_Task description_
Pictures stay out; everything else in the listing below is to be restated word for word.

_Supplied entries_
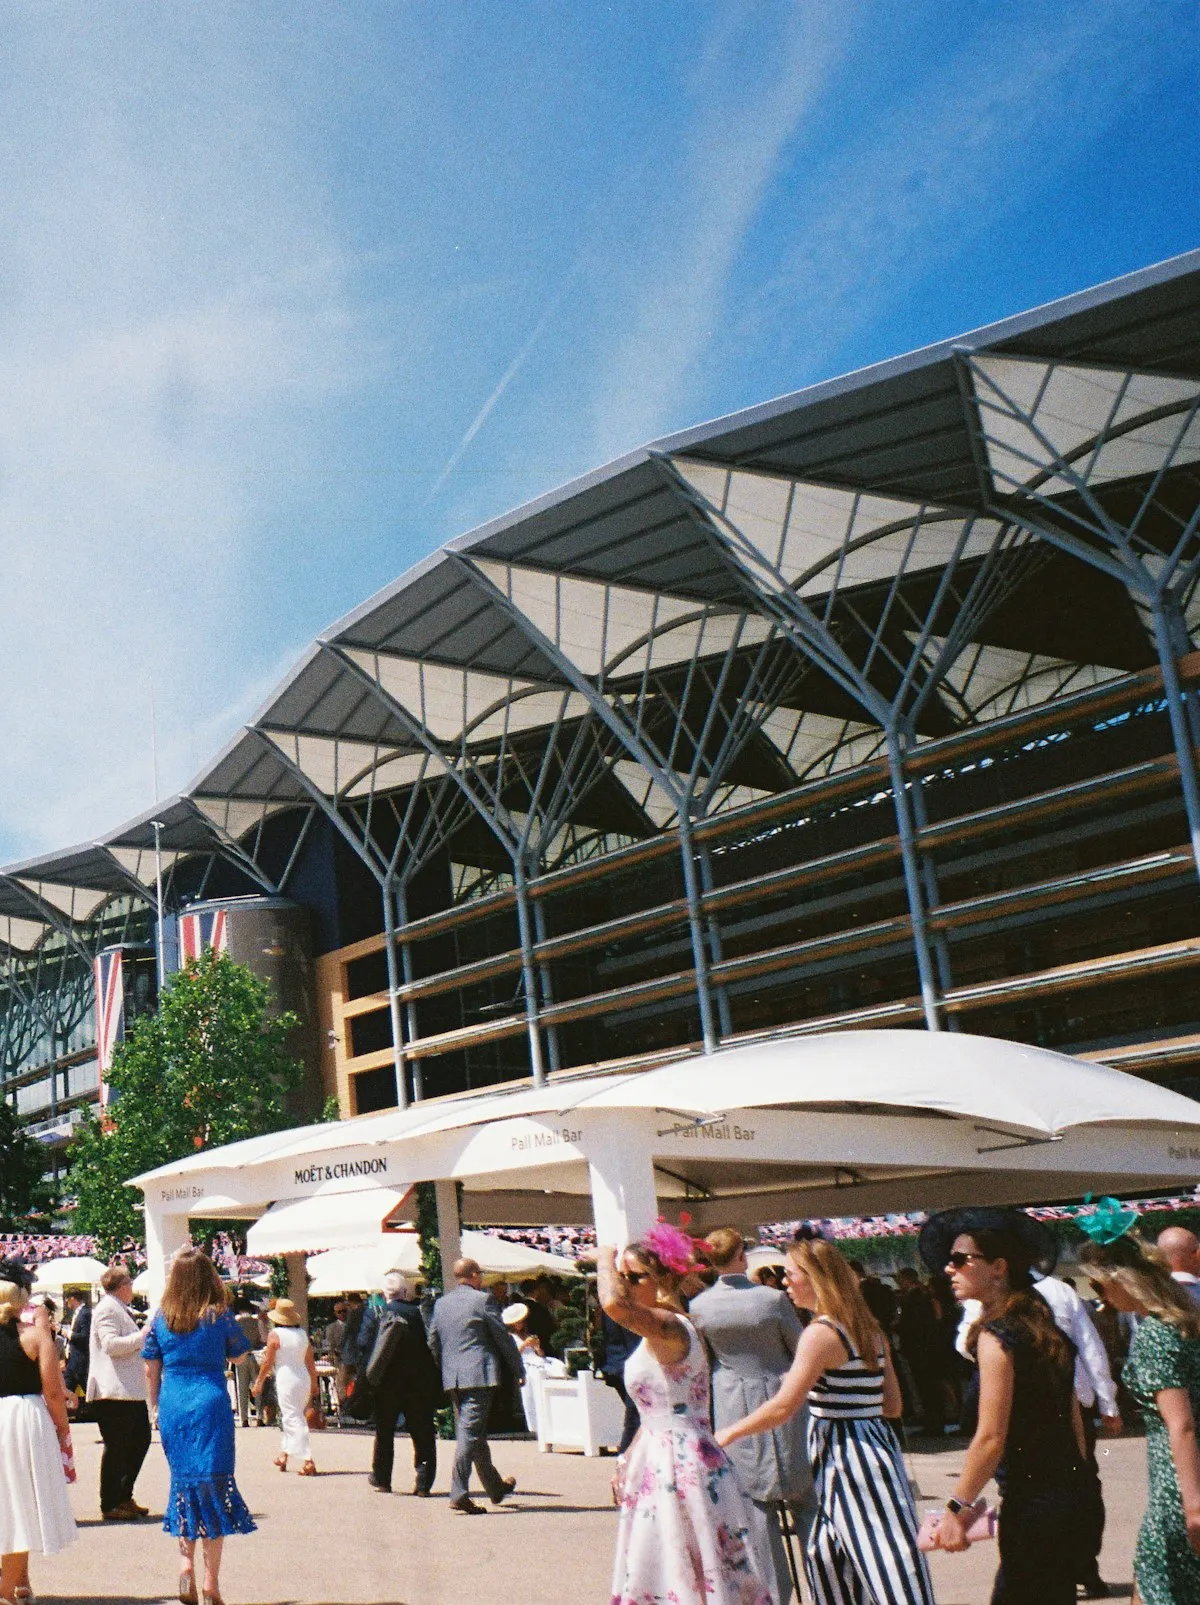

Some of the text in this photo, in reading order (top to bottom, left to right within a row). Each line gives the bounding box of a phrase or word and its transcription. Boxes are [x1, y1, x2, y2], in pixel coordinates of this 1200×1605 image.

[511, 1128, 583, 1150] Pall Mall Bar
[701, 1123, 730, 1140] Mall
[734, 1125, 756, 1140] Bar
[295, 1158, 387, 1184] MOËT & CHANDON
[161, 1186, 204, 1201] Pall Mall Bar
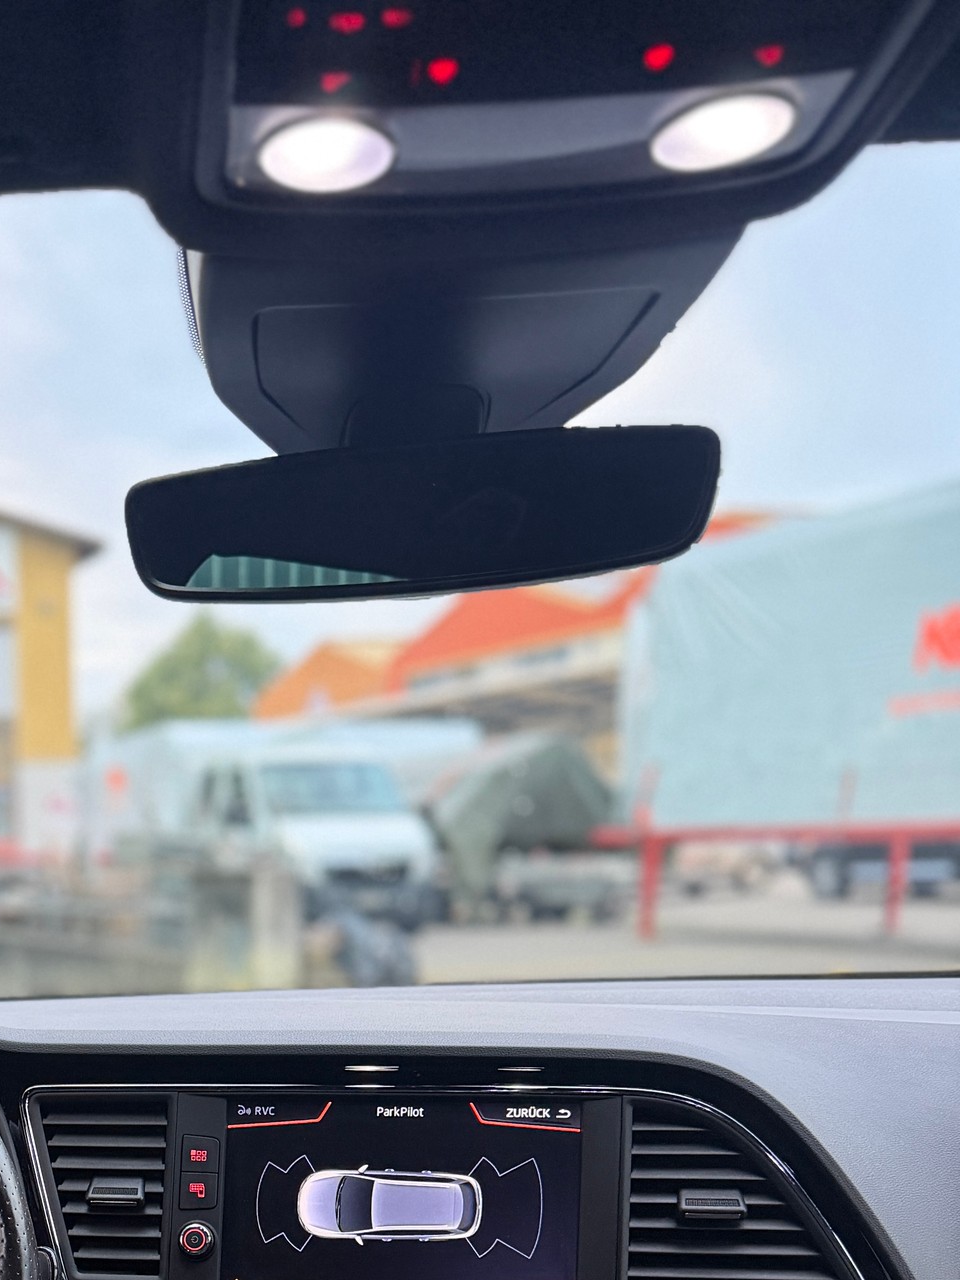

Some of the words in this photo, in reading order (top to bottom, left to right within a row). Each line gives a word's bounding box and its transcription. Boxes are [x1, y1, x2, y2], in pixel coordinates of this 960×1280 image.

[254, 1106, 275, 1116] RVC
[376, 1106, 425, 1118] ParkPilot
[506, 1105, 551, 1119] ZURÜCK

_Task response_
Some of the text in this photo, in reading order (top to bottom, left to right within a row). Each line gives the bounding box of a phrase or word and its transcription. Boxes are [x1, y1, x2, y2], in pixel coordinates of this 1200×1605 image.

[511, 1128, 583, 1150] Pall Mall Bar
[701, 1123, 730, 1140] Mall
[734, 1125, 756, 1140] Bar
[295, 1158, 387, 1184] MOËT & CHANDON
[161, 1186, 204, 1201] Pall Mall Bar

Some of the words in this photo, in reading order (top to bottom, left to right within a row). Each line gives a word's bounding box and its transcription. Boxes are [x1, y1, x2, y2], in pixel coordinates of this 960×1280 image.

[254, 1106, 275, 1116] RVC
[376, 1106, 425, 1118] ParkPilot
[506, 1105, 551, 1119] ZURÜCK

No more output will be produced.